- **Work required**: Every entry below is to be copied word for word, with its pictures removed.

- **Records to process**:

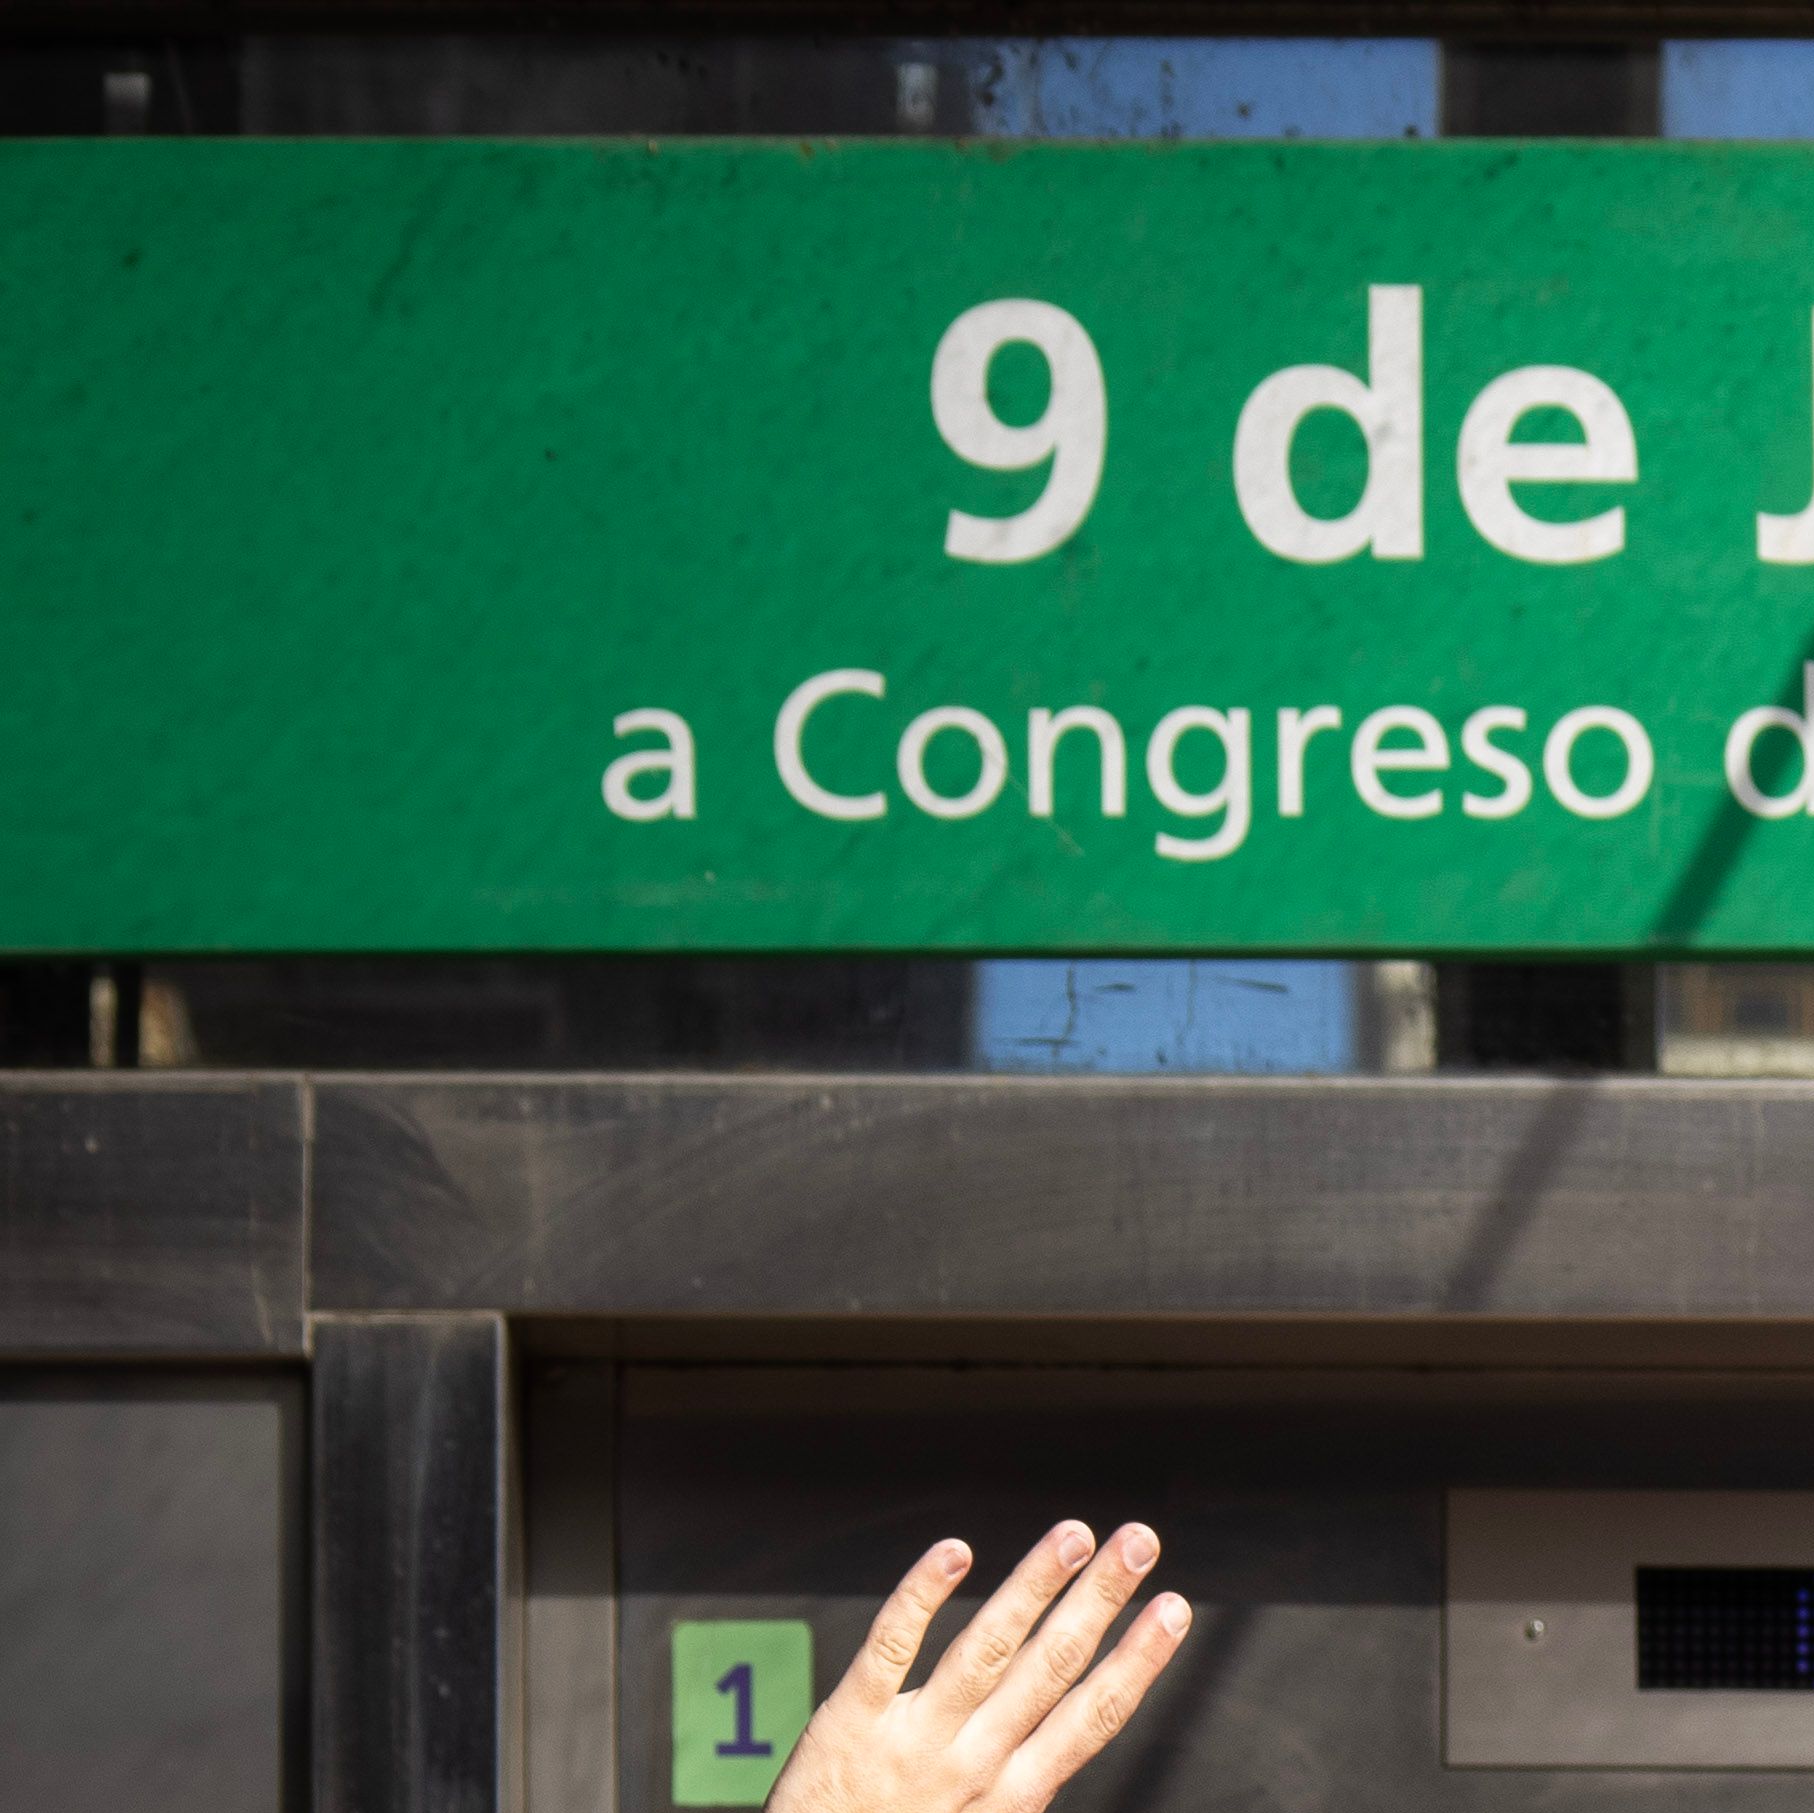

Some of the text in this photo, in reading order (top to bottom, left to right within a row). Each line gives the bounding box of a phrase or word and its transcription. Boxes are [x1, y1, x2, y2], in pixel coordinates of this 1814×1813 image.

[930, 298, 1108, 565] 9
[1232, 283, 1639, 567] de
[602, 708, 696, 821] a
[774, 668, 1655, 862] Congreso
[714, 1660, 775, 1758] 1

- **Reply to the exercise**:
Some of the text in this photo, in reading order (top to bottom, left to right within a row). Each line gives the bounding box of a phrase or word and its transcription. Boxes are [x1, y1, x2, y2], in pixel coordinates of this 1814×1813 image.

[930, 298, 1108, 565] 9
[1232, 283, 1639, 567] de
[602, 708, 696, 821] a
[774, 668, 1655, 862] Congreso
[714, 1660, 775, 1758] 1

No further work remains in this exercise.